* [To do] Apart from the images, the records below need to be copied exactly.

* [Given information]
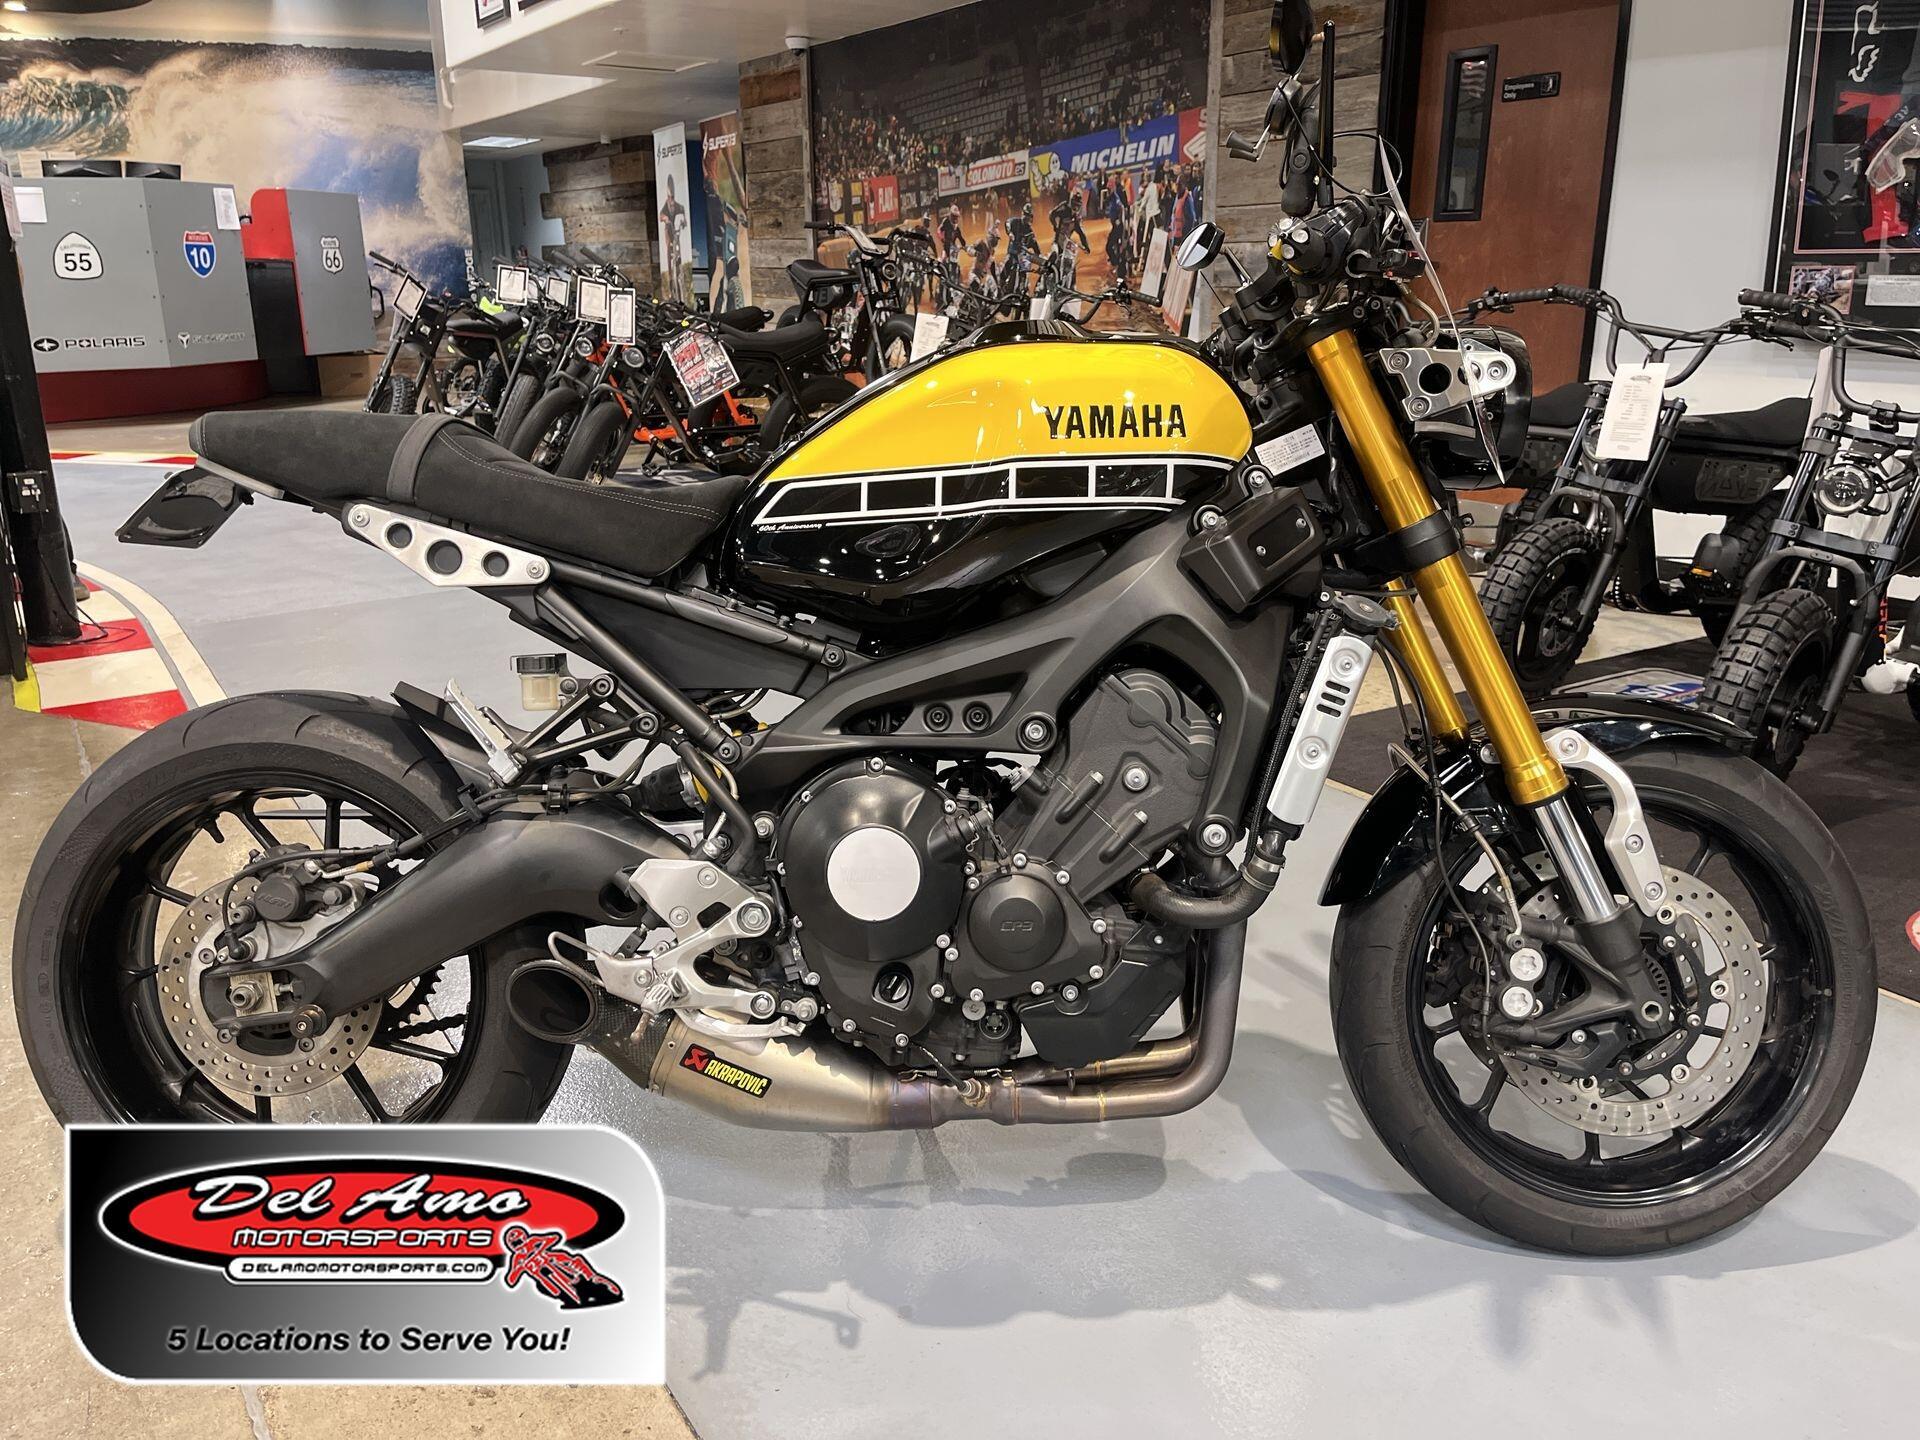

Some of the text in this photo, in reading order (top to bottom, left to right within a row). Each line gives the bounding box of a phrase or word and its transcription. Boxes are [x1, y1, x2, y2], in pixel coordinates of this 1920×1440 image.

[1504, 83, 1535, 91] Employees
[1071, 134, 1175, 173] MICHELIN
[967, 160, 1014, 187] SOLOMOTO
[64, 253, 92, 272] 55
[190, 247, 211, 269] 10
[325, 250, 340, 269] 66
[64, 336, 146, 349] POLARIS
[1043, 404, 1187, 439] YAMAHA
[758, 522, 823, 532] 60th Anniversary
[1000, 920, 1034, 932] CP3
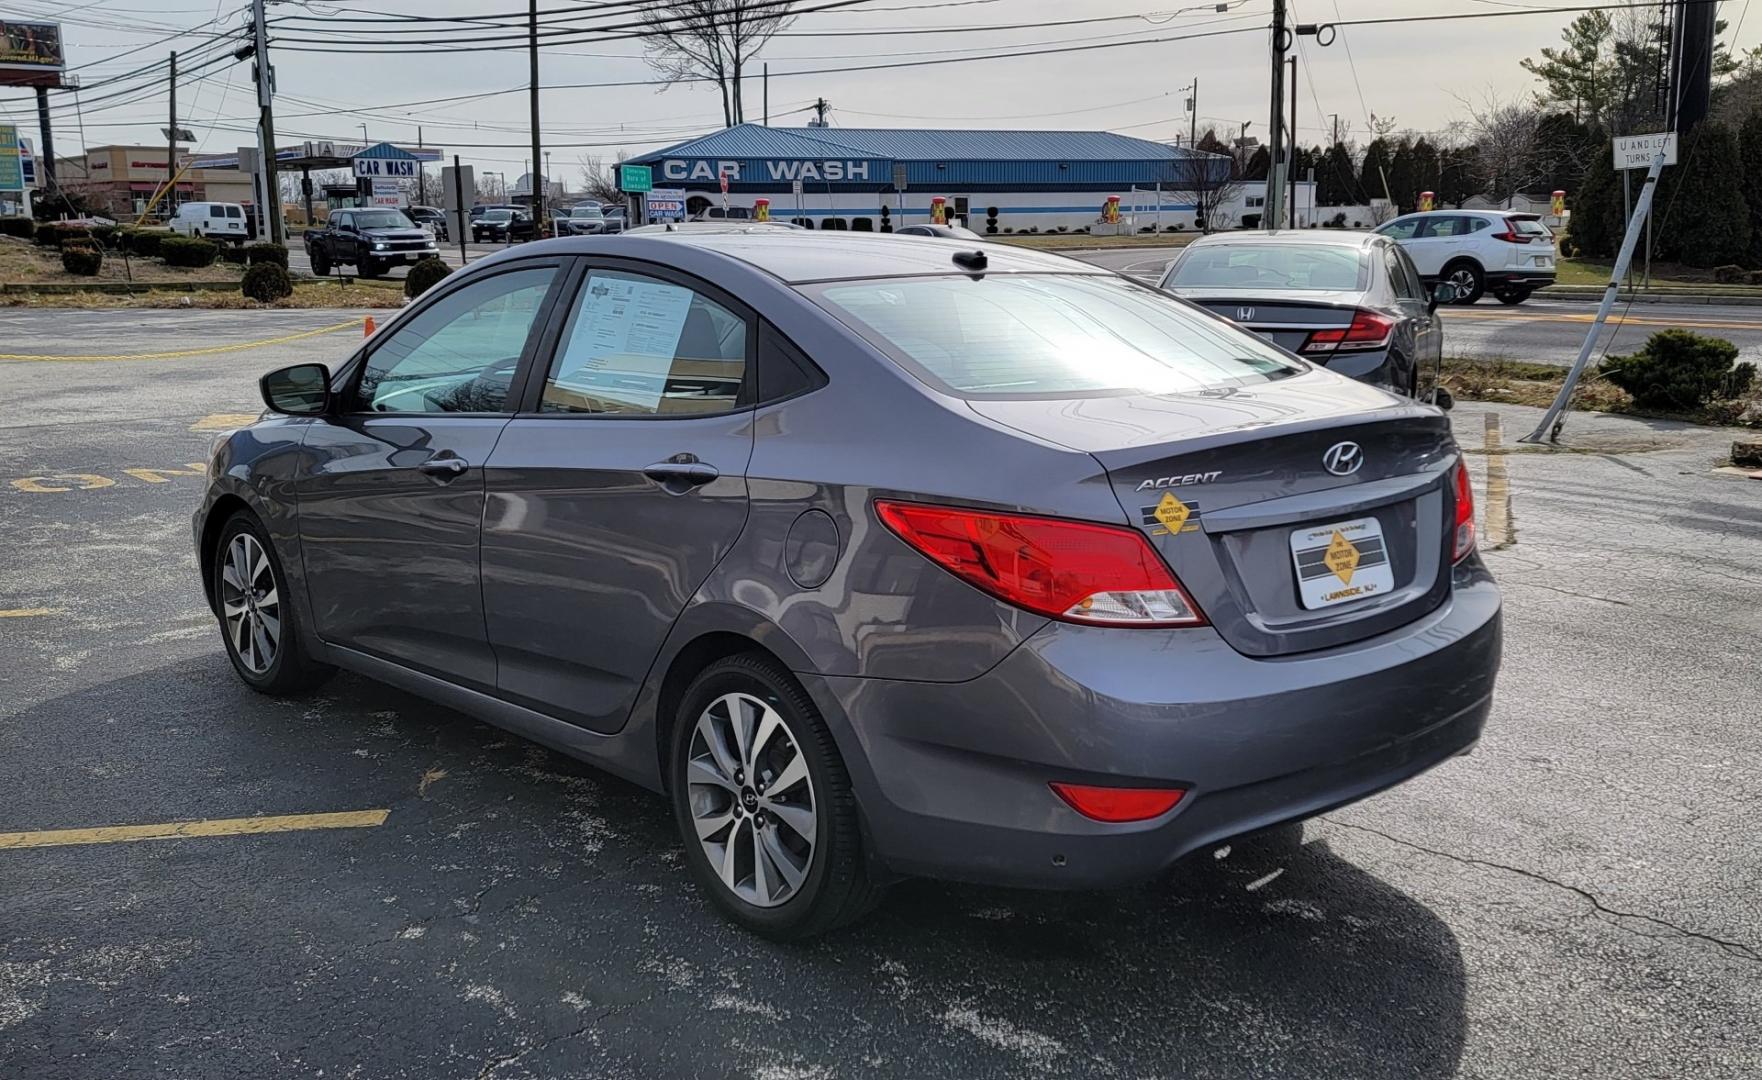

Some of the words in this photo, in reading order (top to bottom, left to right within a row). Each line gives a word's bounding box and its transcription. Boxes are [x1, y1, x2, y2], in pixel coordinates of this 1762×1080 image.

[1620, 141, 1627, 151] U
[1631, 140, 1649, 150] AND
[1625, 152, 1651, 163] TURNS
[359, 160, 380, 176] CAR
[385, 160, 414, 176] WASH
[664, 160, 742, 180] CAR
[766, 160, 869, 180] WASH
[650, 201, 677, 209] OPEN
[649, 210, 664, 218] CAR
[665, 210, 684, 218] WASH
[1135, 470, 1223, 493] ACCENT
[1159, 506, 1183, 515] MOTOR
[1165, 514, 1182, 523] ZONE
[1329, 548, 1354, 560] MOTOR
[1335, 560, 1352, 572] ZONE

* [Task result]
Some of the text in this photo, in reading order (top to bottom, left to right within a row). Each line gives the bounding box of a phrase or word and its transcription. Boxes are [x1, y1, x2, y2], in pixel coordinates of this 1920×1440 image.

[1504, 83, 1535, 91] Employees
[1071, 134, 1175, 173] MICHELIN
[967, 160, 1014, 187] SOLOMOTO
[64, 253, 92, 272] 55
[190, 247, 211, 269] 10
[325, 250, 340, 269] 66
[64, 336, 146, 349] POLARIS
[1043, 404, 1187, 439] YAMAHA
[758, 522, 823, 532] 60th Anniversary
[1000, 920, 1034, 932] CP3

Some of the words in this photo, in reading order (top to bottom, left to right within a row). Each line gives a word's bounding box and its transcription. Boxes are [x1, y1, x2, y2], in pixel coordinates of this 1762×1080 image.

[1620, 141, 1627, 151] U
[1631, 140, 1649, 150] AND
[1625, 152, 1651, 163] TURNS
[359, 160, 380, 176] CAR
[385, 160, 414, 176] WASH
[664, 160, 742, 180] CAR
[766, 160, 869, 180] WASH
[650, 201, 677, 209] OPEN
[649, 210, 664, 218] CAR
[665, 210, 684, 218] WASH
[1135, 470, 1223, 493] ACCENT
[1159, 506, 1183, 515] MOTOR
[1165, 514, 1182, 523] ZONE
[1329, 548, 1354, 560] MOTOR
[1335, 560, 1352, 572] ZONE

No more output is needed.